Despite the perception that Russert excelled at holding the powerful to account, in reality Russert was among the most powerful members of the political-journalistic establishment in Washington. His insider status was reinforced during the trial of I. Lewis “Scooter” Libby, when Russert was forced to testify about his contacts with high-level Bush administration figures and discussions about Valerie Plame Wilson and Joe Wilson.

As Tim Rutten wrote in one of the few critical commentaries about Russert (L.A. Times, 6/14/08), “Like former New York Times reporter Judith Miller, Russert was one of the high-level Washington journalists who came out of the Libby trial looking worse than shabby.” Rutten recounted that while Russert and NBC had publicly argued that these conversations were journalistic privilege, “it emerged under examination, however,

Russert already had sung like a choirboy to the FBI concerning his conversation with Libby–and had so voluntarily from the first moment the Feds contacted him. All the litigation was for the sake of image and because the journalistic conventions required it.”

Russert was, by almost every account, a warm and compassionate friend and mentor to many reporters, at NBC and elsewhere. The real question for citizens, though, is whether Russert performed as an aggressive and independent watchdog. Even some of his admirers explained that this was not the point. The Washington Post’s David Broder explained (6/14/08), “His questioning was completely efficient but never officious. Both the viewers and the guests could tell he really liked the newsmakers he was interviewing.”

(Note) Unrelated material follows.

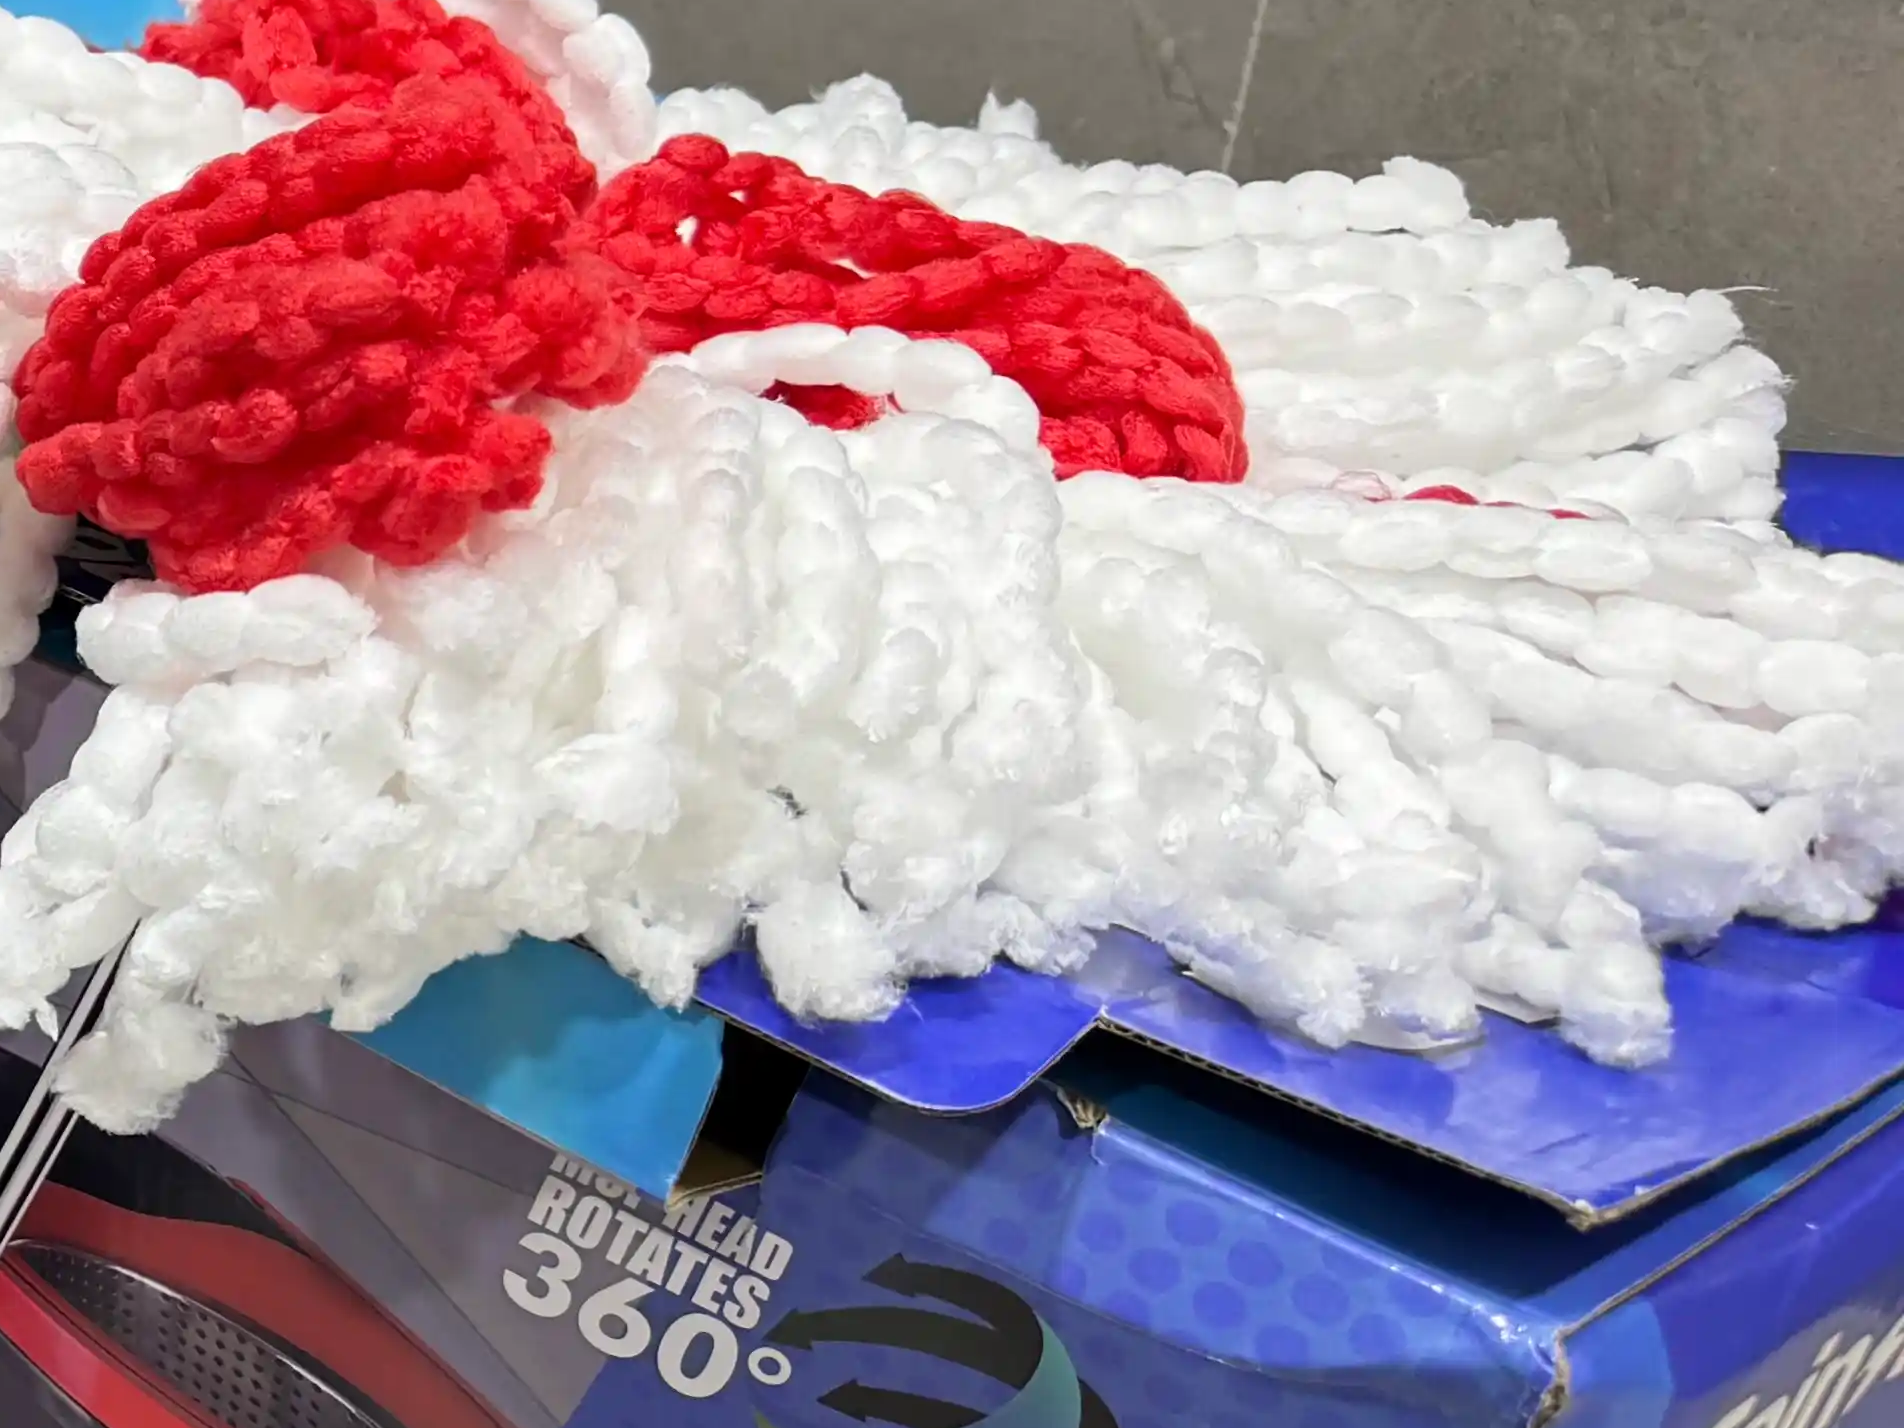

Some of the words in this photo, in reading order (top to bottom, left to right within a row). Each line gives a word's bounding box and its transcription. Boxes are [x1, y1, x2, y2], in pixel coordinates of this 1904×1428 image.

[502, 1232, 792, 1397] 360°
[527, 1174, 771, 1329] ROTATES
[662, 1195, 794, 1280] HEAD

“He respected politicians,” right-wing pundit Mary Matalin explained (Meet the Press, 6/15/08). “He knew that they got blamed for everything, got credit for nothing. He knew how much they meant. He never treated them with the cynicism that attends some of these interviews. So they had a place to be loved. “

ABC’s Sam Donaldson weighed in with one of the most revealing comments (This Week, 6/15/08): “He understood as well as anyone, maybe better than almost anyone, that the reason political reporters are there is not to speak truth to power. Today’s truth is tomorrow’s falsity. But to make those who say we have the truth– the politicians–explain it. Defend it, explain to the American public where they’re going and not pull your punches.”

Asked about the failure to more aggressively challenge the White House on Iraq, Russert once explained (3/21/06):
Well, you know, there’s really no alternative. There are a lot of people on the far right or the far left who want someone in my situation to yell and scream or lean over and choke somebody or slap them around and a lot of histrionics, but you really don’t achieve anything because you make your guest immediately sympathetic, and I much prefer just to try to steady as you go, draw people out.

He added that the White House claims: were judgments, and there was no way at that time to say, ‘You’re wrong. How could you possibly say that? You’re lying.’ That’s just not the style of Meet The Press, nor I think the style of good journalism, but we now have a permanent record as to the judgments believed by the Bush administration going into the war and you can look at them three years later and decide whether they were correct or not.

In fact, there are journalists who examine the claims made by politicians at the time that they make them, and some of them were doing just that with the assertions Bush administration officials used to justify the invasion of Iraq (Extra!, 3-4/06). Had a journalist with the prominence of Tim Russert done so, it’s possible that the debate could have had an entirely different outcome.